Деревянный засов отодвинулся, и дверь толчком распахнулась наружу. Когда Гегель ввалился внутрь, яркий свет ослепил его, так что Гроссбарт перевернул маленький столик. Громко топая, Гегель уложил Манфрида на землю. В затхлом воздухе хижины стоял густой запах скисшего молока и застарелого пота. Дверь закрылась позади братьев, и щеколда легла на место. Гегель резко развернулся, чтобы взглянуть на человека, который, быть может, погубил его брата, заставив умирающего так долго ждать под снегом.
В ответ на Гегеля уставилась самая старая женщина, какую он видел в жизни, никак не меньше шестидесяти лет. Отличить ее от мужчины можно было разве что по отсутствию бороды, поскольку иных отличий ее морщинистое сухое лицо не выдавало. Старуха была практически лысой, лишь кое-где пробивались призрачные пряди седых волос. Обрюзгшее, в отличие от худого лица, тело прикрывали лохмотья. Убийца мантикоры и победитель псов Гегель попятился от жуткой карги.
Та ухмыльнулась, так что показались черные зубы и воспаленные десны:
– Добро пожаловать.
– С-спасибо, – выдавил из себя Гегель.
– Тяжкая ночь для путника? – спросила старуха, и ее глаза блеснули в отблесках огня.
– Бывало и хуже. А вот брату моему совсем нехорошо.
– Это я и сама вижу, – буркнула карга, но взгляда от Гегеля не отвела.
– Заразу подхватил в лесу.
Все тело Гегеля гудело – то ли от смены температуры, то ли от ее присутствия, он и сам не понимал, от чего именно.
– Вот как? Где ж он заразу в лесу нашел?
– Ну, ту самую заразу. Чуму.

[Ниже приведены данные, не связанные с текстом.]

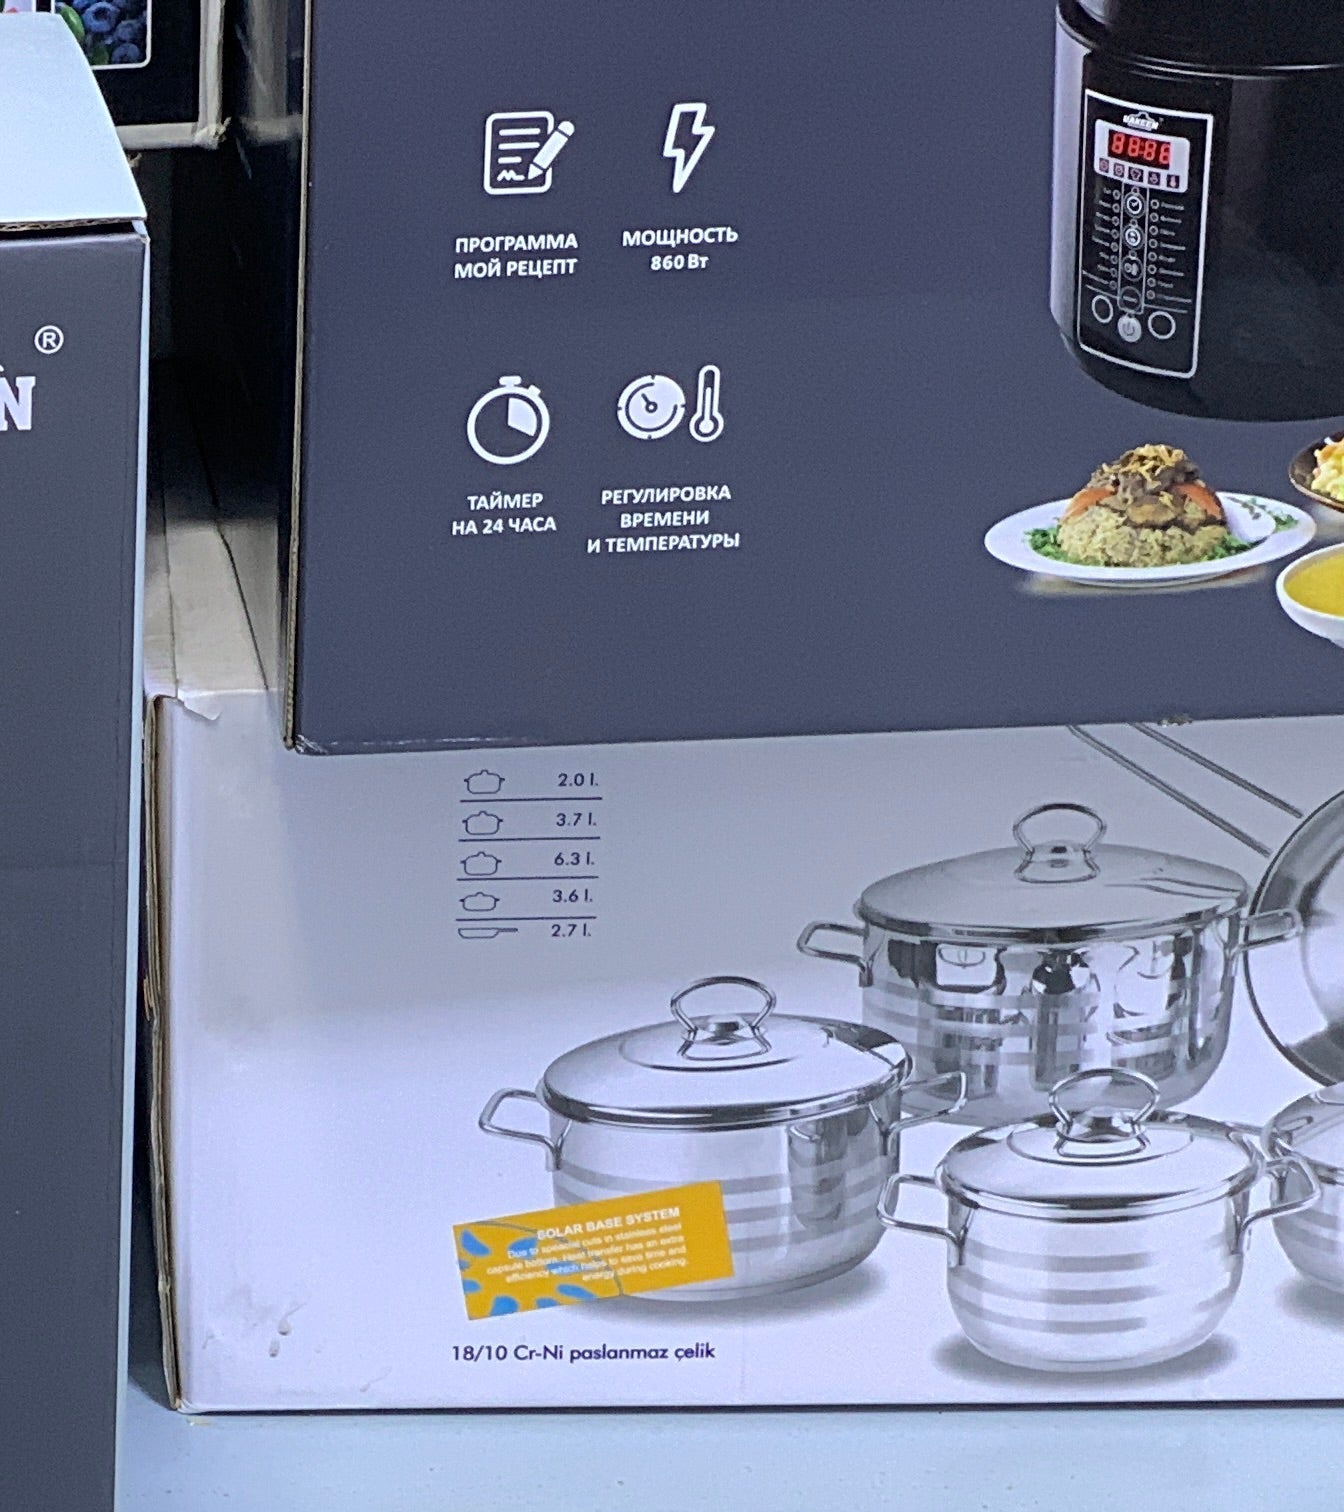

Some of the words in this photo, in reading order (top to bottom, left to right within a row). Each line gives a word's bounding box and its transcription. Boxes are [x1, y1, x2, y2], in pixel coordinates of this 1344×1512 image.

Знаешь, с бубонами?
– Черные наросты у него вылезли?
– Еще нет, он…
Гегель запнулся, когда старуха резко выбросила вперед руку и ткнула пальцем в его раненое лицо. Гроссбарт схватился за меч, но взгляд карги удержал оружие в ножнах. Он в ужасе смотрел, как старуха слизывает кровь с пальца и пробует на вкус.
– Нет, не то, – пробормотала она, – нет-нет, другую смерть он подхватил, это точно.
– Он еще не умер, – заявил Гегель, поворачиваясь к Манфриду.
Вдоль стен хижины теснились полки с бутылями, кувшинами, грудами костей и перьев, а с потолка свисало не меньше сотни пучков каких-то растений и рваных тряпок. Очаг в глубине наполнял комнату едким сосновым запахом, который маскировал болезненную вонь старухи. Маленькая дыра в потолке, из которой капала талая вода, не могла выпустить весь дым. Перед очагом стояло пустое кресло, в одном углу комнаты громоздилась груда тряпья, в другом – небольшая поленница.
Гегель подтащил брата к очагу. Манфрид был бледен, но кожа его горела, а все тело сотрясали судороги. Карга склонилась над ними обоими, тихонько цокая языком.